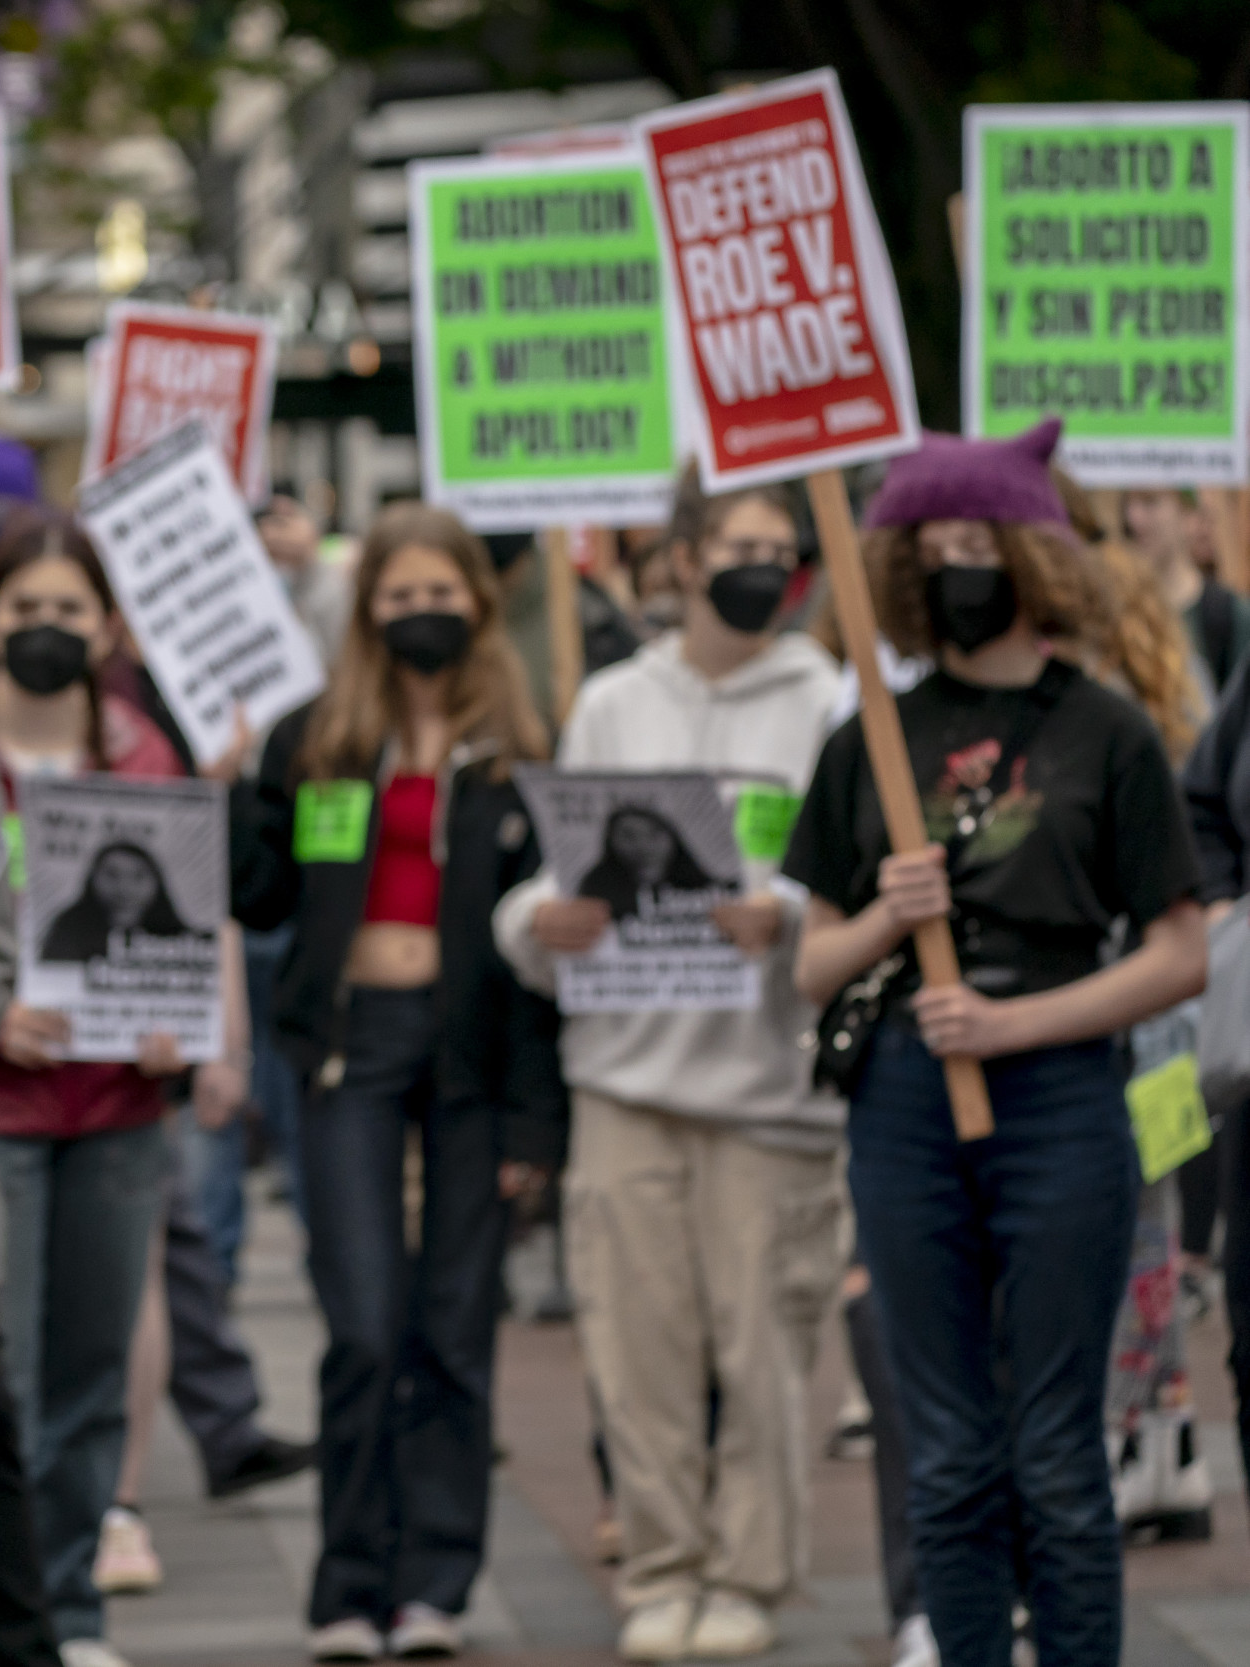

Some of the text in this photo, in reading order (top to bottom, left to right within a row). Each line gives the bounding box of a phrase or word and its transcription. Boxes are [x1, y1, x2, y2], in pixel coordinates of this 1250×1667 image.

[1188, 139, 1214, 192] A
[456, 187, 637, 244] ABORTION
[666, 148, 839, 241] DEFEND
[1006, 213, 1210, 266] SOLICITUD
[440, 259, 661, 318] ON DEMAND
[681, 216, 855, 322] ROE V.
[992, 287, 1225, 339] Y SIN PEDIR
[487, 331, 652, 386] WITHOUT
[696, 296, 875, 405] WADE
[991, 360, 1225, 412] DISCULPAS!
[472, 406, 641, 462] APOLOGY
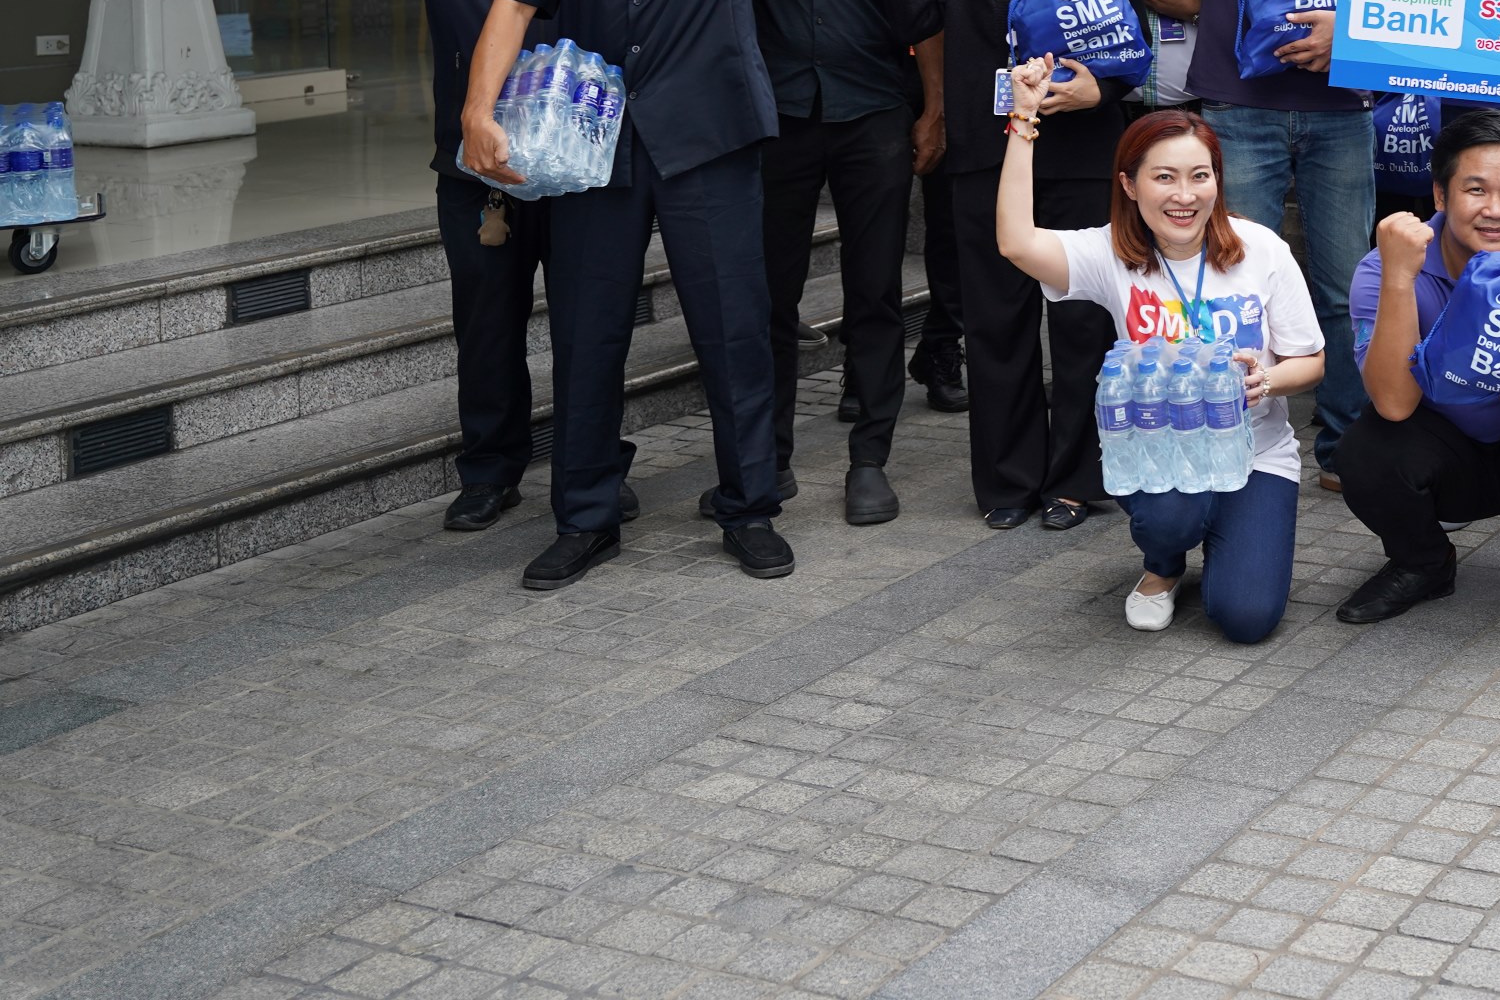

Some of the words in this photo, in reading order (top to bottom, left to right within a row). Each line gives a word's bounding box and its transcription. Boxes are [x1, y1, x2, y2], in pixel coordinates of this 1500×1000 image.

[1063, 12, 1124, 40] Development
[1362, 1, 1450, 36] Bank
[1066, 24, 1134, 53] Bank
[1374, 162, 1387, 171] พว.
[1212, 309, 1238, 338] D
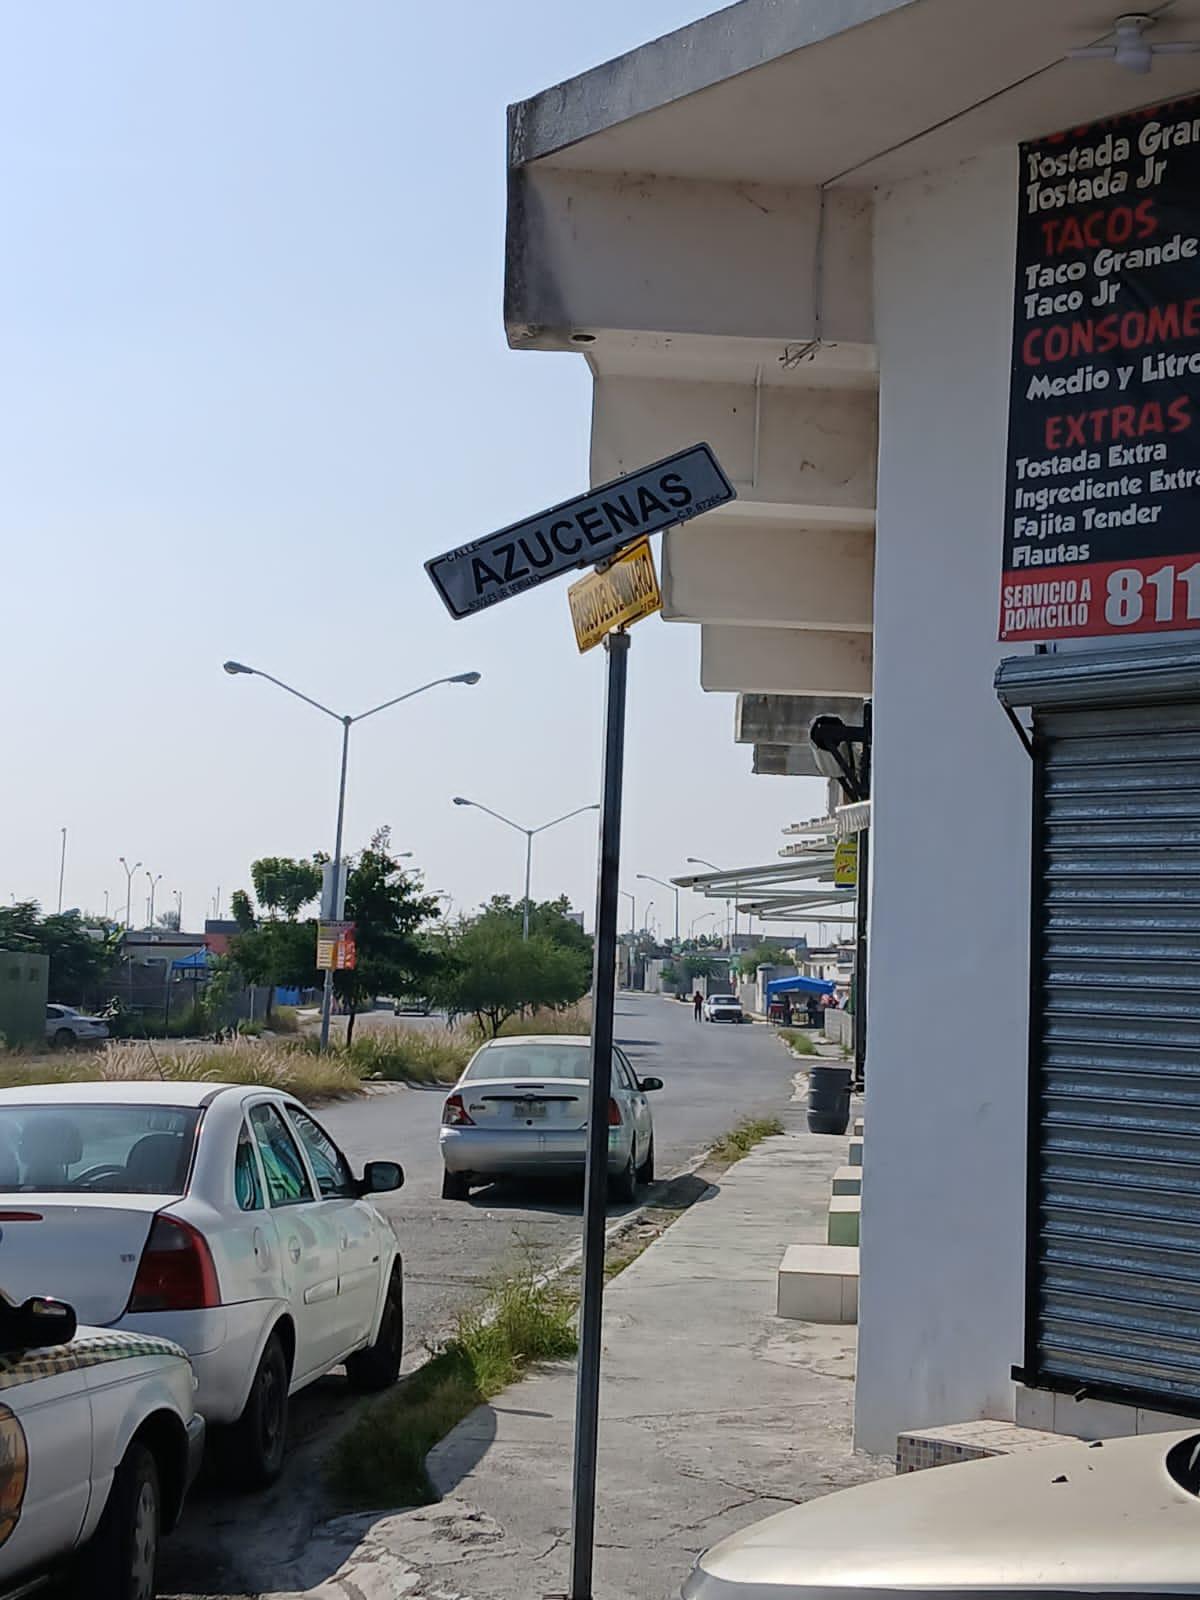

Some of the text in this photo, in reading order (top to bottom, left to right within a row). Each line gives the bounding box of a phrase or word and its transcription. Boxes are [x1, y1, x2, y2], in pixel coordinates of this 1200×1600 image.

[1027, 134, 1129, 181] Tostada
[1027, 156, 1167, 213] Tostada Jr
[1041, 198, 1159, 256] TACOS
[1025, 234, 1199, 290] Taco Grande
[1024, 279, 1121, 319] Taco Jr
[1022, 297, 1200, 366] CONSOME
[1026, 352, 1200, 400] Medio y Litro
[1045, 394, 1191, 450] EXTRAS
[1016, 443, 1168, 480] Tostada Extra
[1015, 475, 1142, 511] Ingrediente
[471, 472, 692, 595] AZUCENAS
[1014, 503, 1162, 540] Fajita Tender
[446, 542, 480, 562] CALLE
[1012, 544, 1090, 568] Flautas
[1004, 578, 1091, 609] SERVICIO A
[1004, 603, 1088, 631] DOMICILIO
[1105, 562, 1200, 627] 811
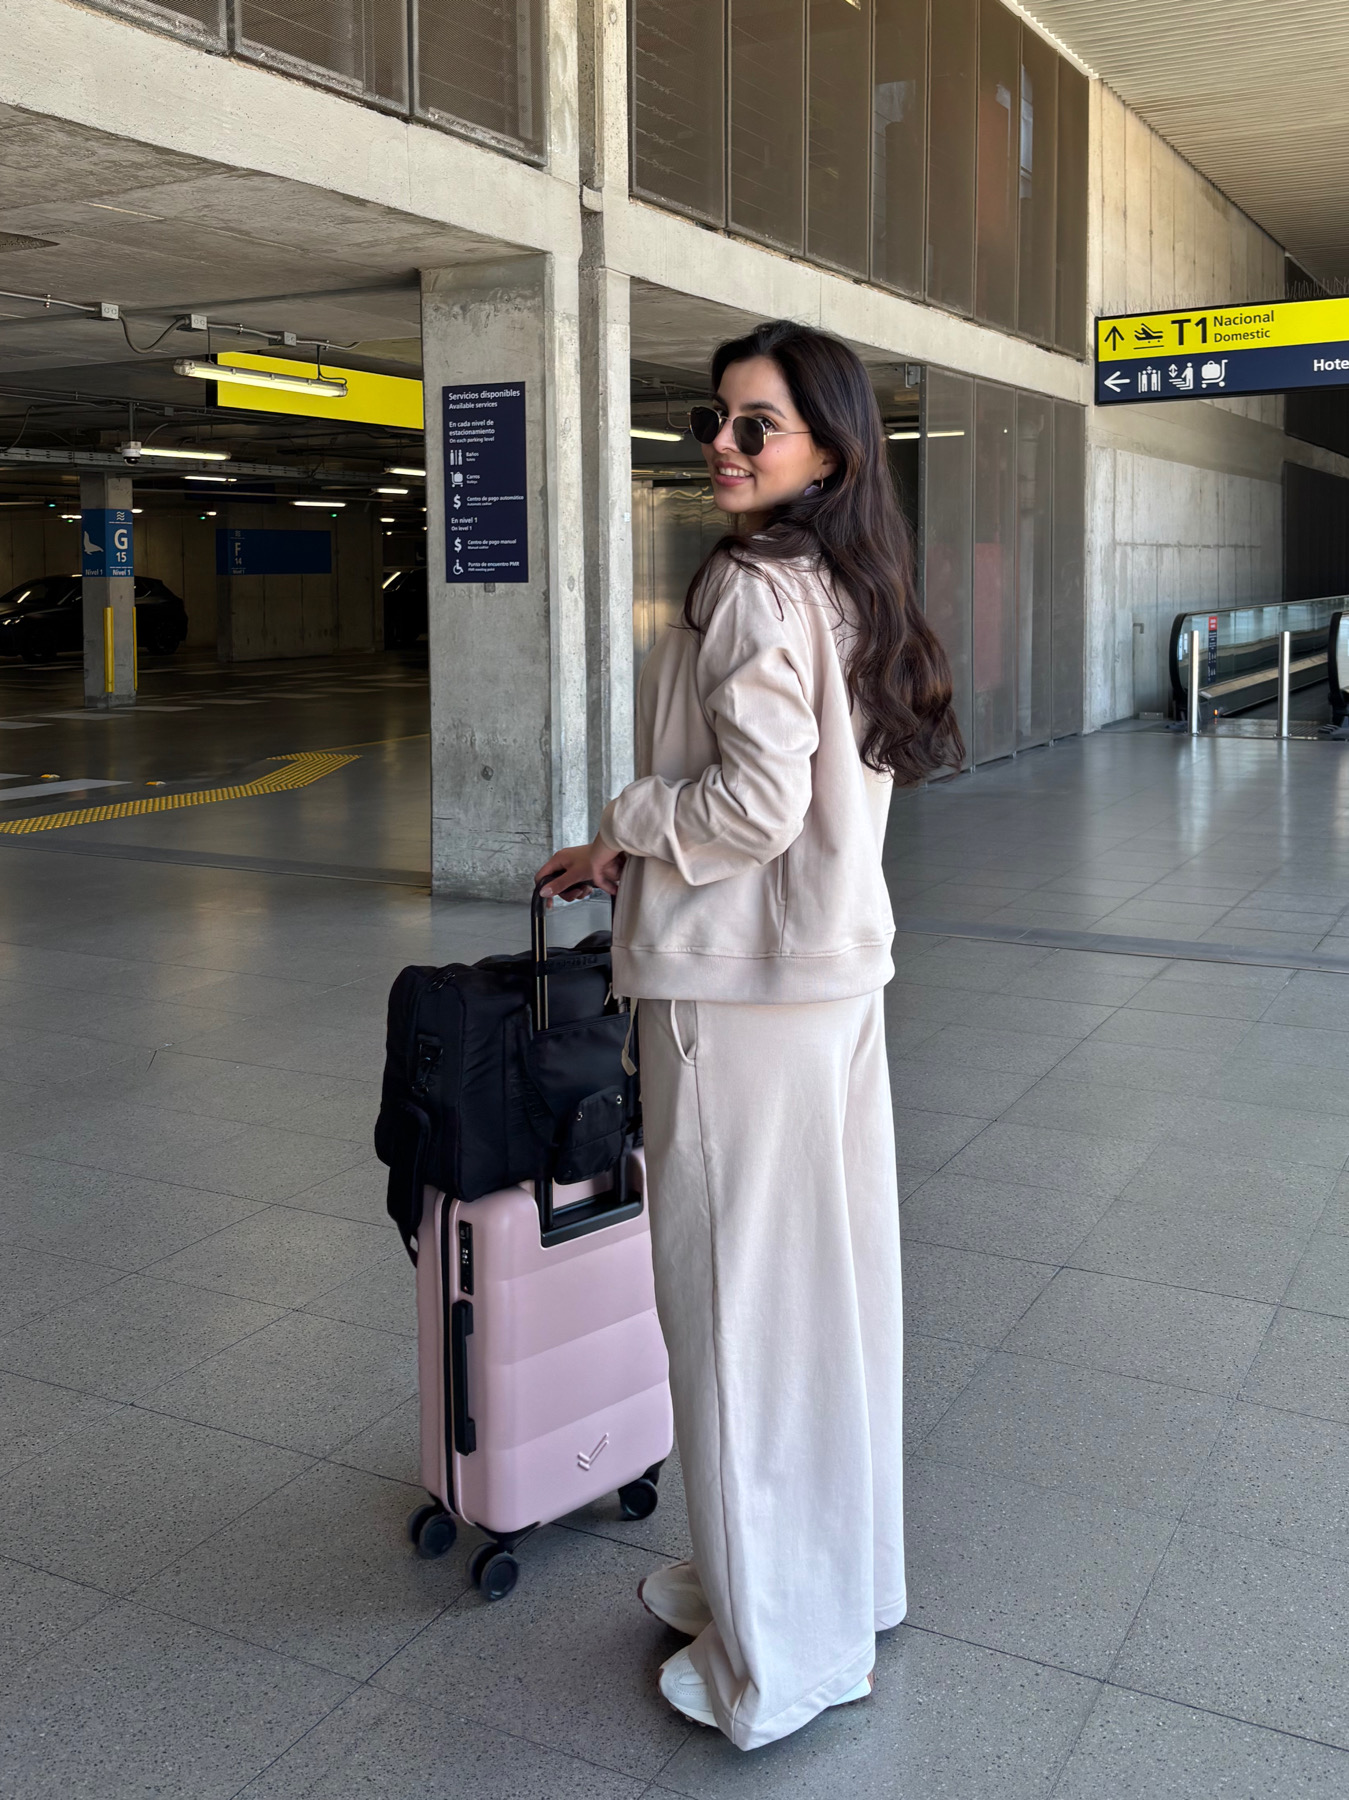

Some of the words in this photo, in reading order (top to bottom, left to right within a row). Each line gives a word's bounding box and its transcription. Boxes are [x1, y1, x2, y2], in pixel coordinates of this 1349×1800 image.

-=-=-=-=-

# EXERCISE DESCRIPTION:
In your copy, restate the data above word for word but leave out any picture.

# OUTPUT:
Some of the text in this photo, in reading order (top to bottom, left to right within a row). Each line gives the bounding box of a phrase or word and its transcription. Boxes are [x1, y1, x2, y2], in pixel coordinates of this 1250×1667 image.

[1188, 139, 1214, 192] A
[456, 187, 637, 244] ABORTION
[666, 148, 839, 241] DEFEND
[1006, 213, 1210, 266] SOLICITUD
[440, 259, 661, 318] ON DEMAND
[681, 216, 855, 322] ROE V.
[992, 287, 1225, 339] Y SIN PEDIR
[487, 331, 652, 386] WITHOUT
[696, 296, 875, 405] WADE
[991, 360, 1225, 412] DISCULPAS!
[472, 406, 641, 462] APOLOGY

Some of the words in this photo, in reading order (top to bottom, left to right within a row). Each line gives a word's bounding box and its transcription. Boxes are [x1, y1, x2, y2], in pixel coordinates of this 1500×1000 image.

[1063, 12, 1124, 40] Development
[1362, 1, 1450, 36] Bank
[1066, 24, 1134, 53] Bank
[1374, 162, 1387, 171] พว.
[1212, 309, 1238, 338] D

Some of the text in this photo, in reading order (top to bottom, left to right within a row). Each line gives the bounding box of a phrase or word and its transcription. Boxes are [x1, y1, x2, y2], in pixel coordinates of this 1200×1600 image.

[1027, 134, 1129, 181] Tostada
[1027, 156, 1167, 213] Tostada Jr
[1041, 198, 1159, 256] TACOS
[1025, 234, 1199, 290] Taco Grande
[1024, 279, 1121, 319] Taco Jr
[1022, 297, 1200, 366] CONSOME
[1026, 352, 1200, 400] Medio y Litro
[1045, 394, 1191, 450] EXTRAS
[1016, 443, 1168, 480] Tostada Extra
[1015, 475, 1142, 511] Ingrediente
[471, 472, 692, 595] AZUCENAS
[1014, 503, 1162, 540] Fajita Tender
[446, 542, 480, 562] CALLE
[1012, 544, 1090, 568] Flautas
[1004, 578, 1091, 609] SERVICIO A
[1004, 603, 1088, 631] DOMICILIO
[1105, 562, 1200, 627] 811

Some of the words in this photo, in reading order (top to bottom, left to right within a row). Each line gives a word's bounding box and its transcription. Boxes are [x1, y1, x2, y2], in pixel coordinates of this 1349×1800 image.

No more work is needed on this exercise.